A new president — who knew what it felt like when a child wants to learn, even if his parents can’t afford to pay tuition.
YSV might well have been the first frum school to implement a pension fund for rebbeim, an idea Zaidy took from corporate America. At the shivah, an older man came in, a retired rebbi. “Thanks to George,” he said quietly, “I still have my dignity.”
His rebbi smoked on Shabbos. A generation later, the rebbeim in the school of which he was president got a pension.
Don’t retreat. Move forward. Build.
Not long after his bar mitzvah, he entered Chaim Berlin, and the influence of the Rosh Yeshivah would shape his life.
From that moment on, he aspired to be the ben Torah that Rav Hutner described. Until the end of his life, Zaidy had a serious daily chavrusa in Gemara, but he also learned mussar afterwards, like a ben Torah ought to.
He walked like a Chaim Berliner, he spoke like a Chaim Berliner, (pronouncing it not Chazon Ish, but Cha-zoin Ish, for example) and most of all, he lived like a Chaim Berliner, refusing to compromise when it came to Shulchan Aruch — whether in business, in askanus, or in the chinuch of his own children, exhibiting the tenacity that comes not from being inflexible, but from being anchored.
A few years ago, Zaidy was telling me about a grandchild for whom he was davening fervently. When he spoke about it, his eyes flashed with the courage and resolve of the kid from Brownsville, his determination so raw it smelled like the oil and dust of the “El” train that roared just above the streets that raised him.
Rav Hutner was sandek for both of Zaidy’s sons, and blessed his talmid that these children would also be bnei Torah, the aspiration that defined Zaidy and Bubby. That hope would be fulfilled, as Zaidy merited two sons and three sons-in-law, each of whom is at home in the beis medrash.
On Erev Yom Kippur, the phone rang throughout the day in Zaidy’s home, children, grandchildren and great-grandchildren calling for a brachah. To each, he read the nusach printed in the machzor, then he would add a Yiddish brachah of his own.
A few years ago, a grandson called from Lakewood and received the usual brachah. He was about to hang up when he heard soft weeping. It was Zaidy crying on the phone.
This was unusual.
He waited, unsure of what to say, and Zaidy finally spoke. “You know, you’re one of my only eineklach still in kollel,” Zaidy said. “Lots of them went to work in recent years.
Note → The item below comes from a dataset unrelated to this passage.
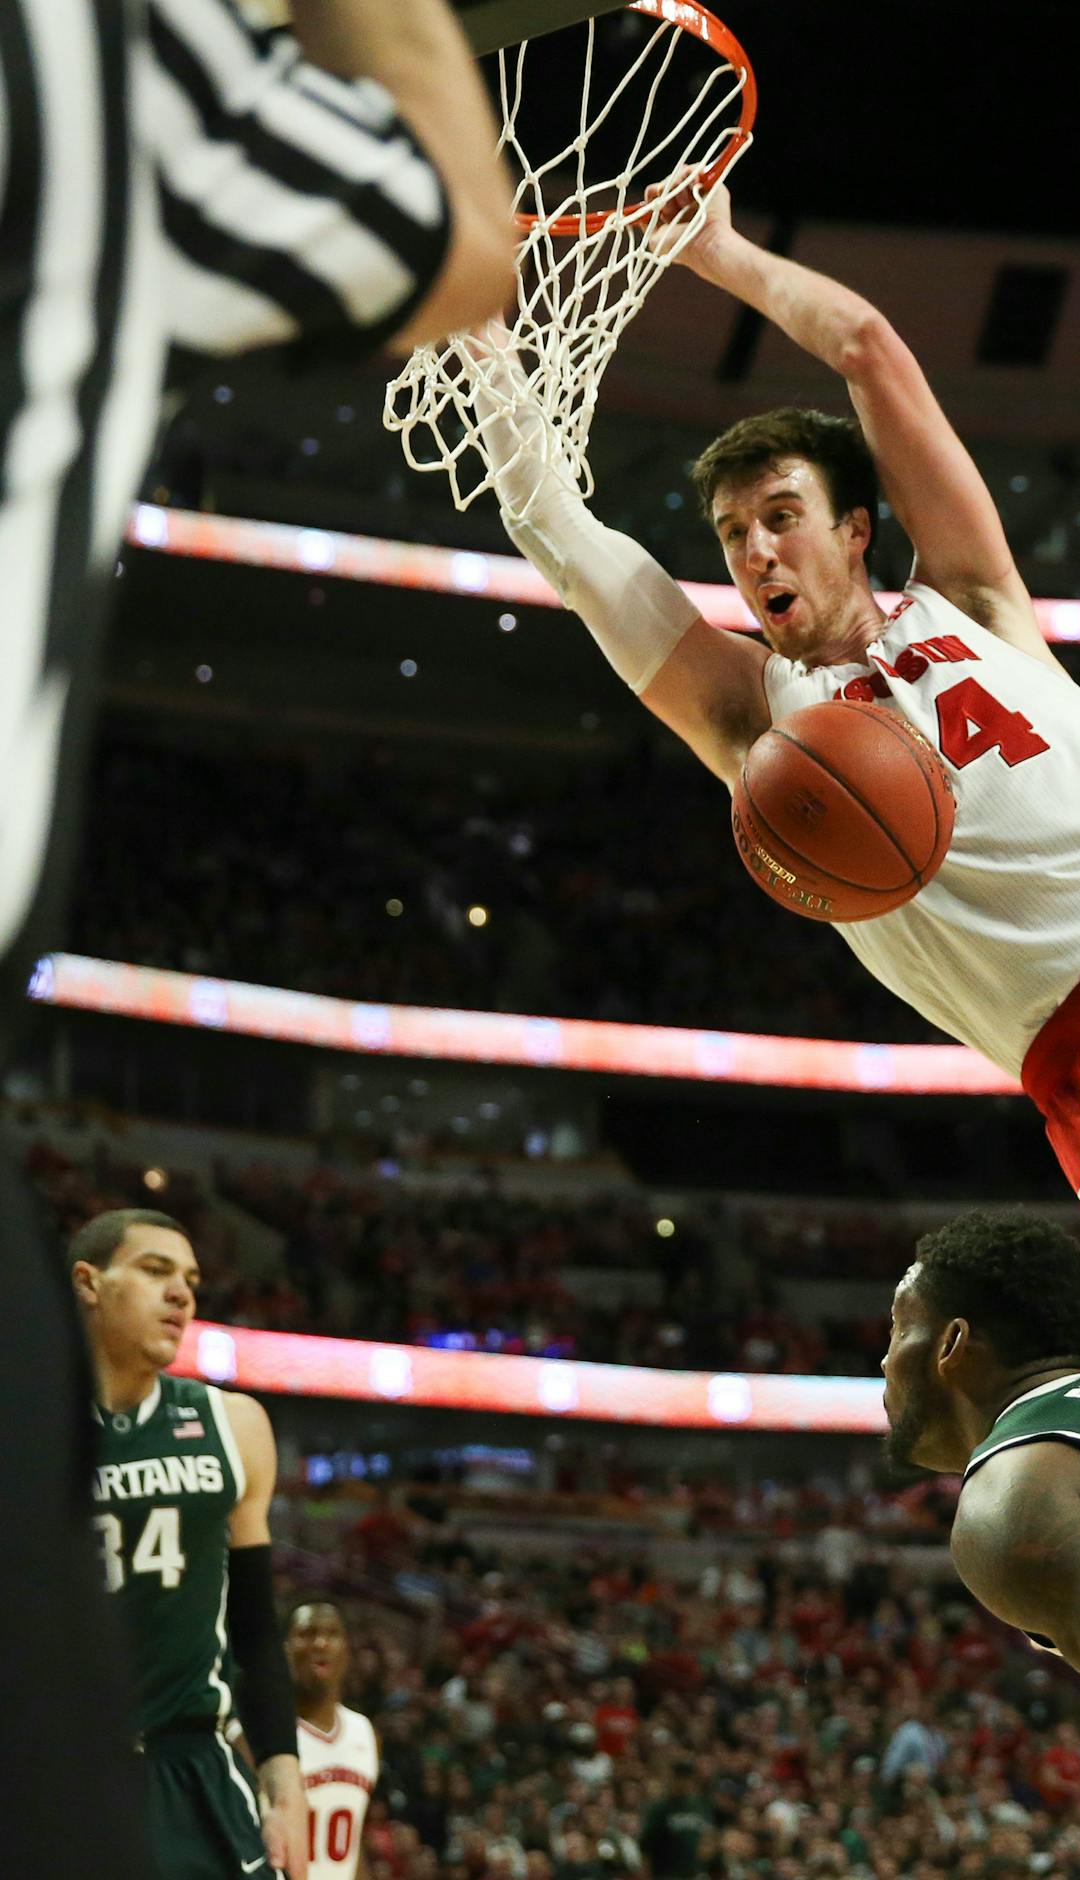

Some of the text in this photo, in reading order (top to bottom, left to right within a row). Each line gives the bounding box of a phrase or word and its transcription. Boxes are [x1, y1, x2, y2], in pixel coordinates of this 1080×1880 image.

[92, 1454, 224, 1501] RTANS
[92, 1506, 187, 1593] 34
[308, 1807, 354, 1863] 10
You are still learning. Keep it up! This is my nachas!”
And then Zaidy hung up, a rare moment of pure emotion from a person who kept so much inside. From that year on, every Erev Yom Kippur, Zaidy would cry after giving a brachah to this particular grandson, though he no longer had to explain why.
He was niftar on Shabbos, 9 Kislev. Bubby told me that frankly, she had been hopeful that the levayah could be held on Sunday morning, when a larger crowd would be able to attend. She wanted him to have this final honor.
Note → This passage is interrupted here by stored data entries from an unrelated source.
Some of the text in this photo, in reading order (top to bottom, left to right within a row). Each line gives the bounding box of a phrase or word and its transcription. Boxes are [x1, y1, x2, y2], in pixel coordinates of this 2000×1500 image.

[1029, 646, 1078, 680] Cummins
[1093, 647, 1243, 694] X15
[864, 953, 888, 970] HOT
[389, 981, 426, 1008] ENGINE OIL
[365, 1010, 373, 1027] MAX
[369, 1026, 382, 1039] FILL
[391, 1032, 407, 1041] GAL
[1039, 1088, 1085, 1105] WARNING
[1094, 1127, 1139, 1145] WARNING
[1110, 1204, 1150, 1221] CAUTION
Her eldest son, my Uncle Dovi, a respected rav and posek in Monsey, told her that he felt that the right thing to do was to hold the levayah that night, after Shabbos, even if it meant a smaller crowd; it was what halachah and kevod hameis dictated.
And though Zaidy wasn’t there to guide her, she got it. (And the crowd filled the room, the hallway, and spilled out into the parking lot.)
Jews don’t run can mean many things — a call for discipline, when emotion is pulling in a different direction, or the surrender of instinct to principle, the highest form of strength. Stand firm, Rabbi Miller had urged.
Gershon ben Sholom Aryeh was laid to rest in Monsey on a cold Motzaei Shabbos, in accordance with what was halachah recommends, as instructed by his own son! It was everything he could have dreamed of.
He had never run, never retreated, and never faltered, and his final journey reflected every step he had taken along the way.